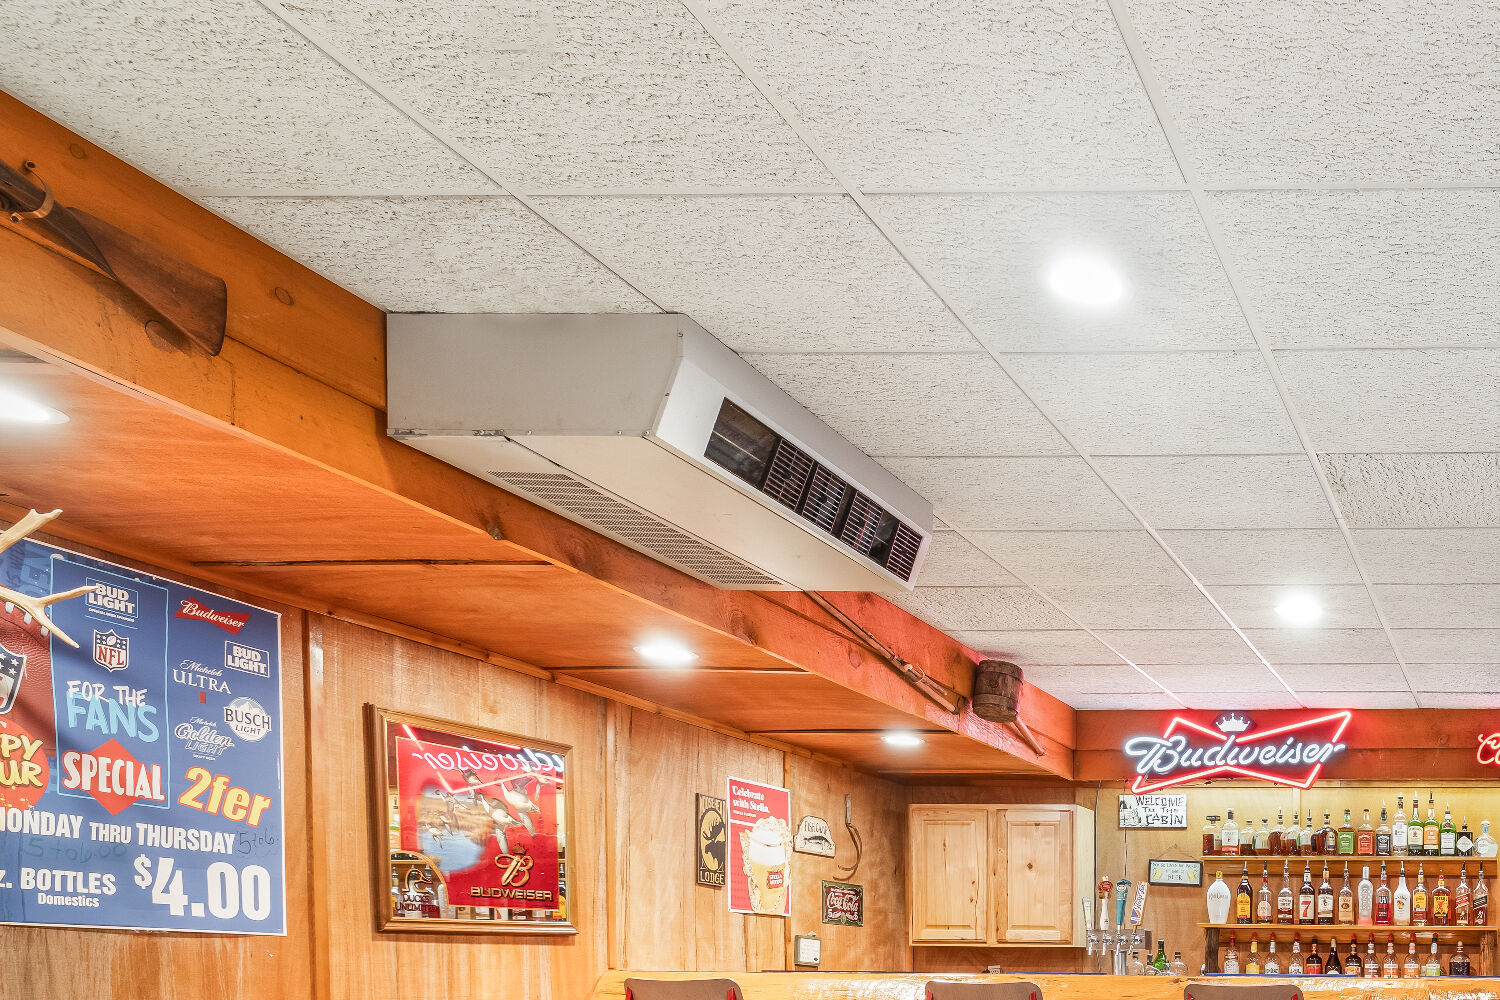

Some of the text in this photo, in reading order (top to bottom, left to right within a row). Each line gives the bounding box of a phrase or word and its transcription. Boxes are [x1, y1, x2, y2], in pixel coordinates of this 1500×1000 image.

[95, 582, 130, 601] BUD
[88, 593, 135, 614] LIGHT
[180, 599, 246, 629] Budweiser
[97, 645, 125, 666] NFL
[232, 645, 262, 662] BUD
[179, 659, 223, 677] Michelob
[227, 654, 268, 675] LIGHT
[172, 668, 232, 695] ULTRA
[66, 680, 148, 708] FOR THE
[66, 691, 160, 743] FANS
[225, 707, 271, 731] BUSCH
[174, 722, 235, 748] Golden
[235, 724, 262, 736] LIGHT
[1124, 733, 1347, 776] Budweiser
[0, 760, 43, 788] UR
[63, 752, 166, 801] SPECIAL
[179, 767, 272, 827] 2fer
[731, 785, 765, 801] Celebrate
[732, 798, 750, 809] with
[1146, 813, 1184, 826] CABIN
[89, 821, 132, 844] THRU
[136, 823, 236, 855] THURSDAY
[20, 867, 117, 896] BOTTLES
[133, 853, 272, 922] $4.00
[700, 871, 725, 885] LODGE
[37, 892, 100, 908] Domestics
[470, 886, 553, 901] BUDWEISER

○ ○ ○ ○

> YOUR ASSIGNMENT
Your task is to transcribe all of the records precisely, with no images included.

> SOLUTION FOR THIS TASK
Some of the text in this photo, in reading order (top to bottom, left to right within a row). Each line gives the bounding box of a phrase or word and its transcription. Boxes are [x1, y1, x2, y2], in pixel coordinates of this 1500×1000 image.

[95, 582, 130, 601] BUD
[88, 593, 135, 614] LIGHT
[180, 599, 246, 629] Budweiser
[97, 645, 125, 666] NFL
[232, 645, 262, 662] BUD
[179, 659, 223, 677] Michelob
[227, 654, 268, 675] LIGHT
[172, 668, 232, 695] ULTRA
[66, 680, 148, 708] FOR THE
[66, 691, 160, 743] FANS
[225, 707, 271, 731] BUSCH
[174, 722, 235, 748] Golden
[235, 724, 262, 736] LIGHT
[1124, 733, 1347, 776] Budweiser
[0, 760, 43, 788] UR
[63, 752, 166, 801] SPECIAL
[179, 767, 272, 827] 2fer
[731, 785, 765, 801] Celebrate
[732, 798, 750, 809] with
[1146, 813, 1184, 826] CABIN
[89, 821, 132, 844] THRU
[136, 823, 236, 855] THURSDAY
[20, 867, 117, 896] BOTTLES
[133, 853, 272, 922] $4.00
[700, 871, 725, 885] LODGE
[37, 892, 100, 908] Domestics
[470, 886, 553, 901] BUDWEISER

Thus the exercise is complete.